Lucrative prospects underpin the increase in overall US chemicals investments. The US chemicals trade association, the American Chemistry Council (ACC), estimates that 50 companies plan to substantially expand capacities through 2017.
ASIA AT FULL VOLUME
Asia is not to be outdone by the renewed competitiveness of the US chemicals industry. As in Europe, Asia suffers from higher energy costs. However, it also benefits from buoyant regional demand due to fast-paced industrialisation and extensive infrastructure needs. Excluding Japan, Asian chemicals production is expected to increase by 8% in 2013.
While strong demand will increase price levels, and thus margins, this market is not necessarily risk-free. Overcapacity could appear following local and foreign players’ massive investments in basic chemicals during the last five years.

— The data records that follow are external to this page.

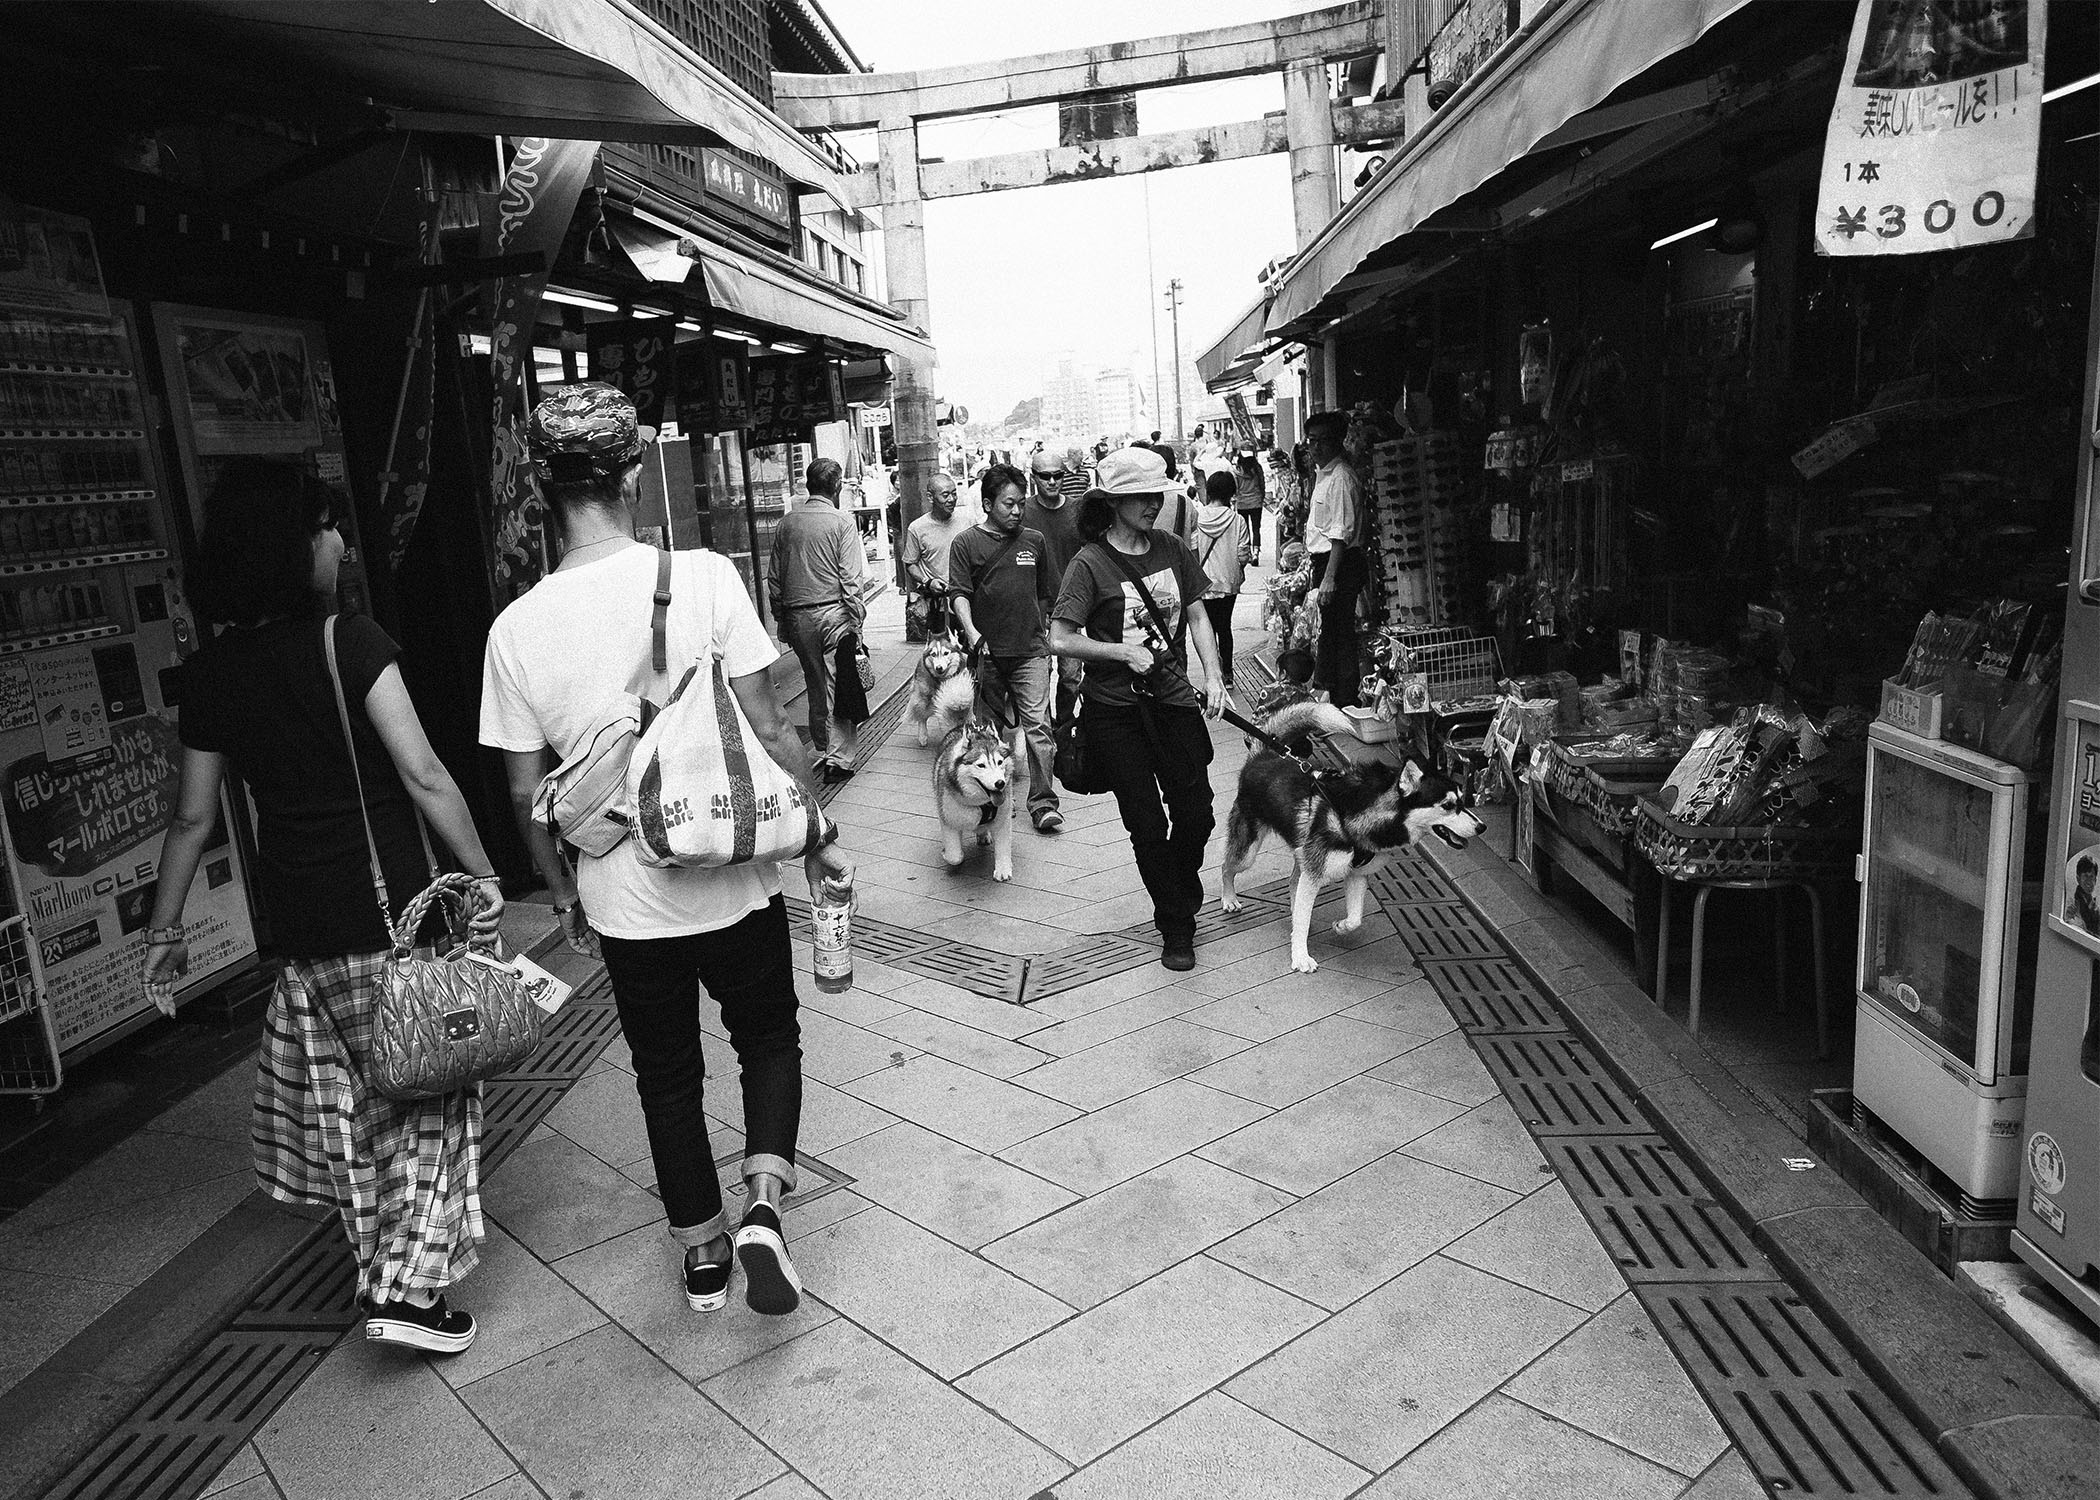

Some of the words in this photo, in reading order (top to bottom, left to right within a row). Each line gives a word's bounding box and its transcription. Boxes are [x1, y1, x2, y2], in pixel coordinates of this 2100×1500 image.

[1843, 160, 1880, 184] 1本
[1836, 191, 2005, 240] ¥300
[664, 810, 694, 829] hore
[29, 884, 52, 898] NEW
[31, 879, 92, 922] Marlboro
[832, 913, 846, 947] 十六茶

Excess supply is also quickly reducing margins at Asian chemicals companies – too many of which are small, with varying levels of financial stability. A slowdown in the Asian chemicals industry’s export trade will be offset by healthy domestic demand in its two main markets – the automotive industry and Chinese construction.

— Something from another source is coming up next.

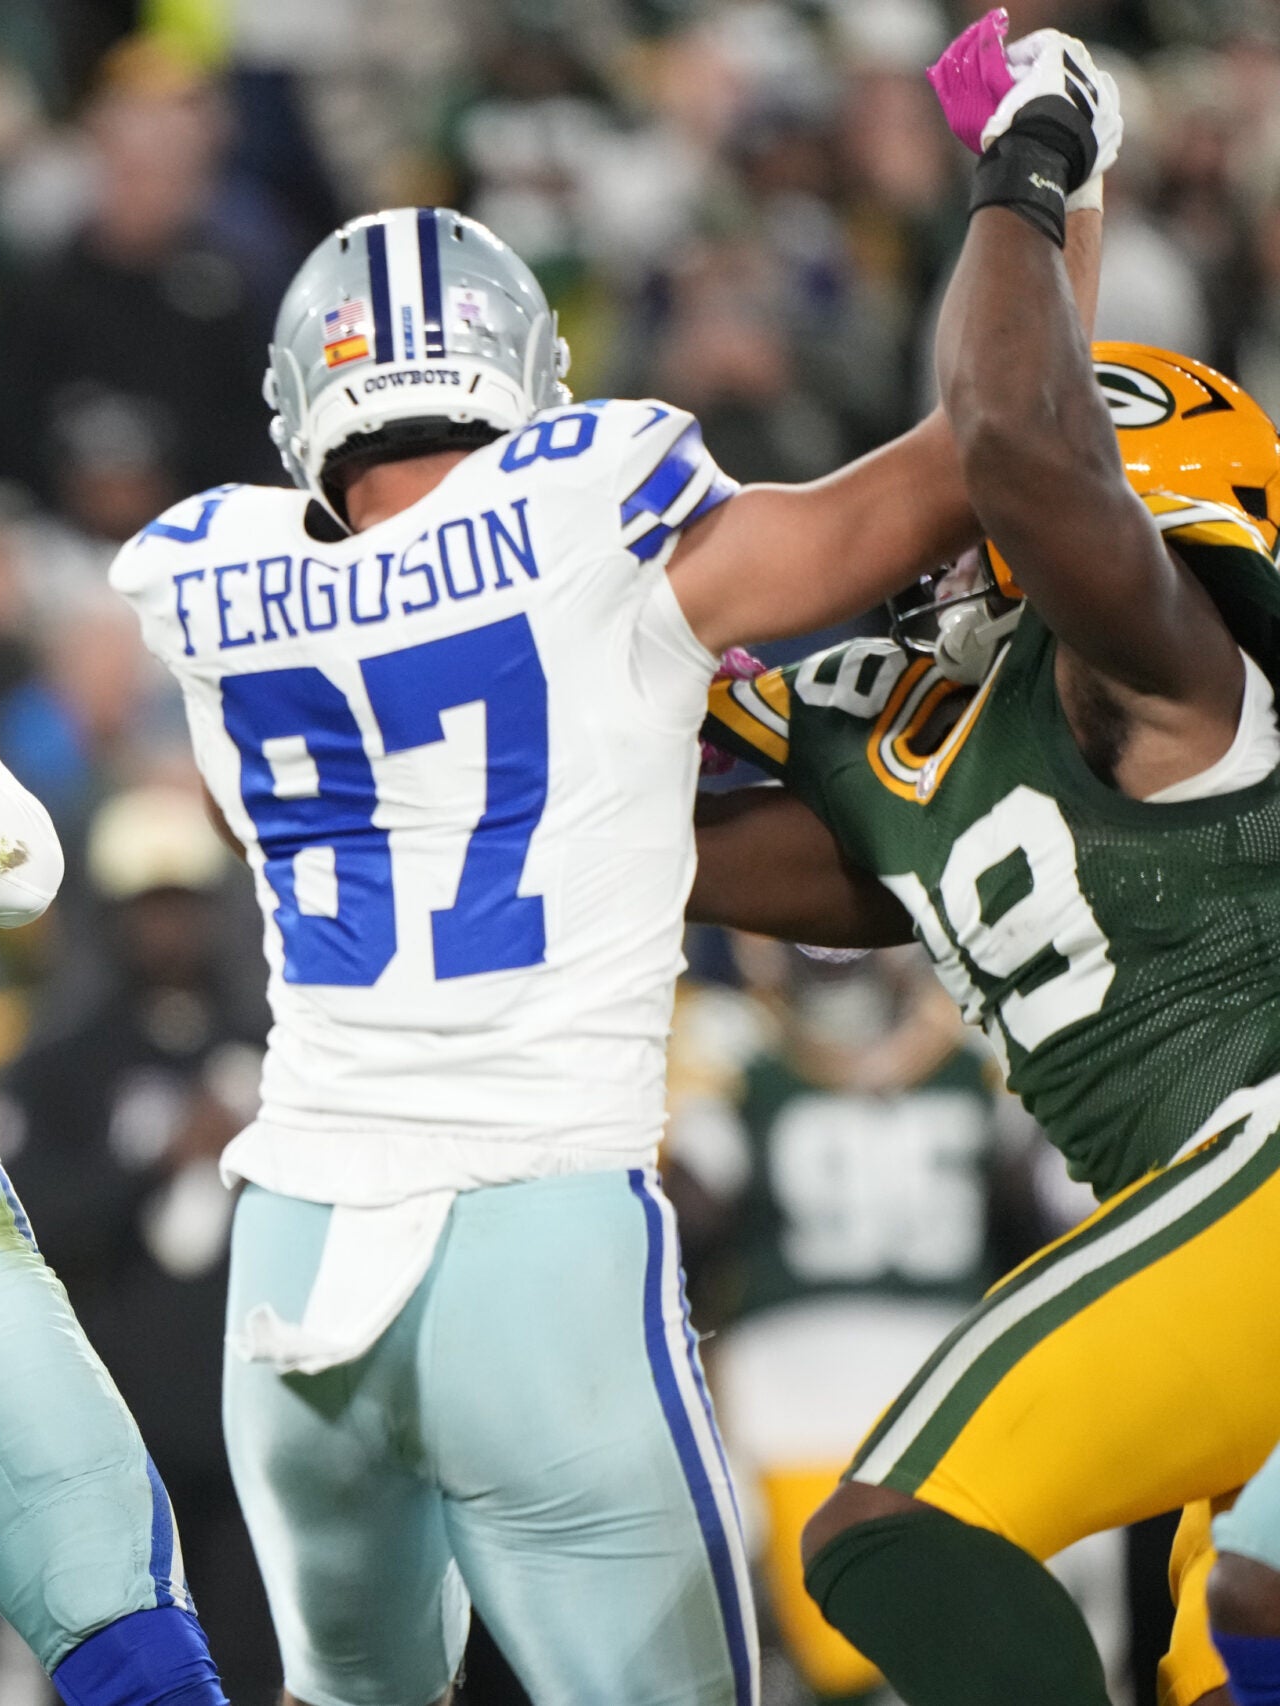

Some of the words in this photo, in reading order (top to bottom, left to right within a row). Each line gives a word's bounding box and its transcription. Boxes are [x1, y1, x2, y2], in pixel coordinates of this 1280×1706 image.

[364, 369, 461, 394] COWBOYS
[172, 497, 541, 657] FERGUSON
[220, 612, 549, 987] 87

China’s auto sector is one of the global drivers for chemicals
Copyright: Rex Features
The impact of the European petrochemical crisis is largely to blame for this fall, having caused 11% year-over-year volume declines related to higher energy supply costs when compared to competition across the Atlantic Ocean.

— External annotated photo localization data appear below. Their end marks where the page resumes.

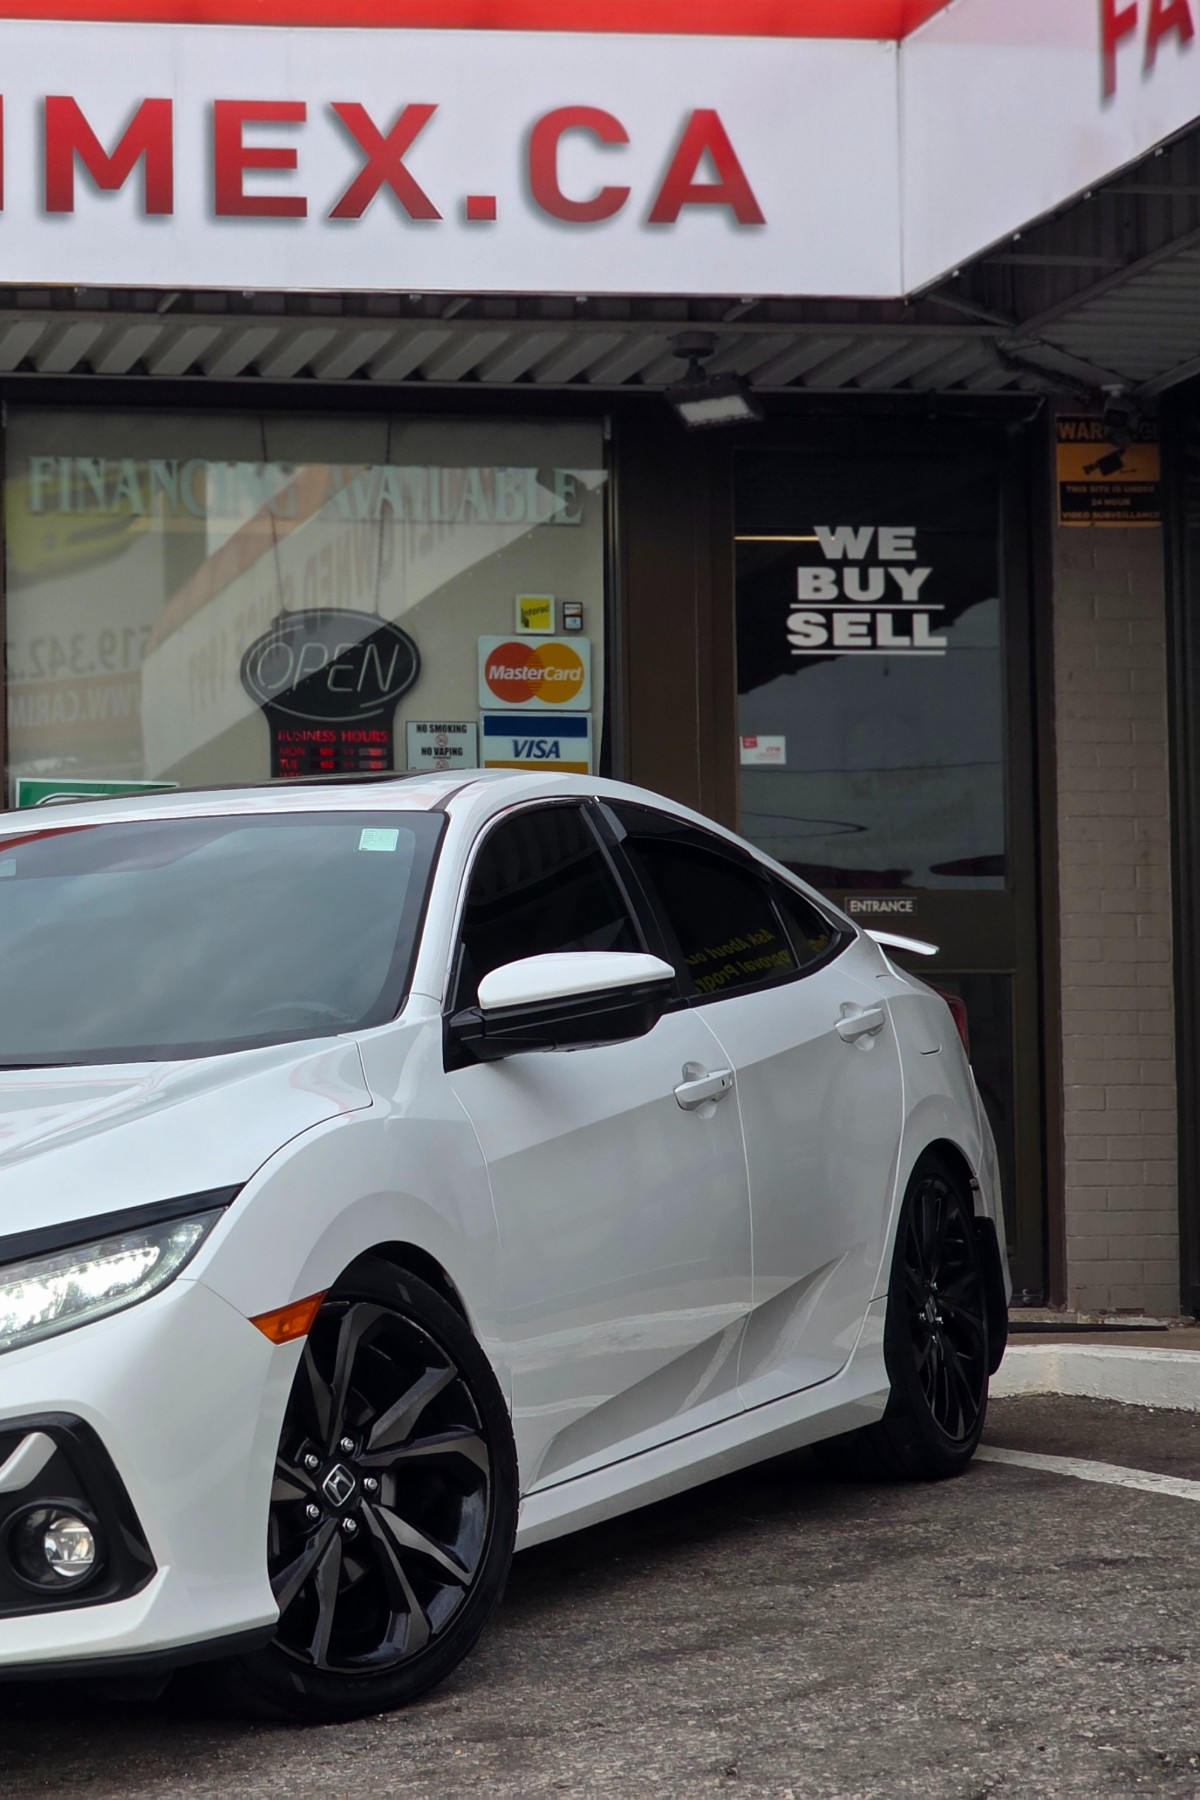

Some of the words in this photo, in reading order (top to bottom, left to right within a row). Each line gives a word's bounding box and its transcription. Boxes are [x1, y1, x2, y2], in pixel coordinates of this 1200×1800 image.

[813, 525, 917, 561] WE
[796, 566, 933, 601] BUY
[786, 612, 948, 648] SELL
[256, 641, 400, 693] OPEN
[488, 665, 582, 681] MasterCard
[278, 730, 337, 743] BUSINESS
[341, 730, 389, 743] HOURS
[416, 724, 428, 733] NO
[429, 724, 467, 733] SMOKING
[421, 747, 432, 756] NO
[434, 747, 464, 756] VAPING
[512, 739, 561, 759] VISA
[850, 899, 913, 913] ENTRANCE

As a result, European chemicals companies may lag behind in the long run should their margin rate remain at levels insufficient for new facility investments. In addition, the sector is impaired by persistent weakness in its eurozone downstream markets – automotive manufacturing and construction.
Alone, agricultural chemicals (5% projected increase) and cosmetics (0.4% projected decrease) are unable to make up for the sector’s shortfall.
While agriculture chemicals benefit from buoyant demand for fertilizer and phytosanitary products, the cosmetic outlook is tied to household consumption trends, which have been at a standstill for the past two years.
Nonetheless, the European chemicals industry strives to remain competitive internationally, accounting for approximately 40% of intra- and extra-EU trade. This stems largely from the strength of the German chemicals industry, which has always been export-orientated.
Germany-based BASF, the worldwide leader in chemicals, reported 2012 revenue 1.5 times higher than its nearest competitor.
Moreover, many European chemicals companies implemented drastic cost cutbacks, enabling them to surpass 2009’s violent slump and become key players in certain fields. This has allowed them to resist calls for price cuts from their customers, and some have even attained must-have pricing power for their chemicals products.
EYE TOWARD THE FUTURE
Looking forward, the US chemicals industry is the one to watch. In 2014, the credit quality of North American chemicals companies is expected to stay healthy, supported by a firming recovery of the general economy.
The industry will grow at a moderate pace of about 3.2%, reaching total revenue of $870bn. Margins are expected to be quite robust – perhaps even boosted – because of continued support from low natural gas prices. Liquidity will remain healthy, thanks to conservative corporate balance sheet management, generally high cash reserves and easy access to credit for most major players in the industry.
Marc Livinec is a sector advisor for Euler Hermes regarding chemicals, pharmaceuticals, and oil- and energy related industries. He produces global sector analysis for the company’s policyholders, partners and related businesses. Euler Hermes is a global provider of trade credit insurance, which helps businesses avoid losses through nonpayment of commercial debt and grow profitability by making informed credit decisions.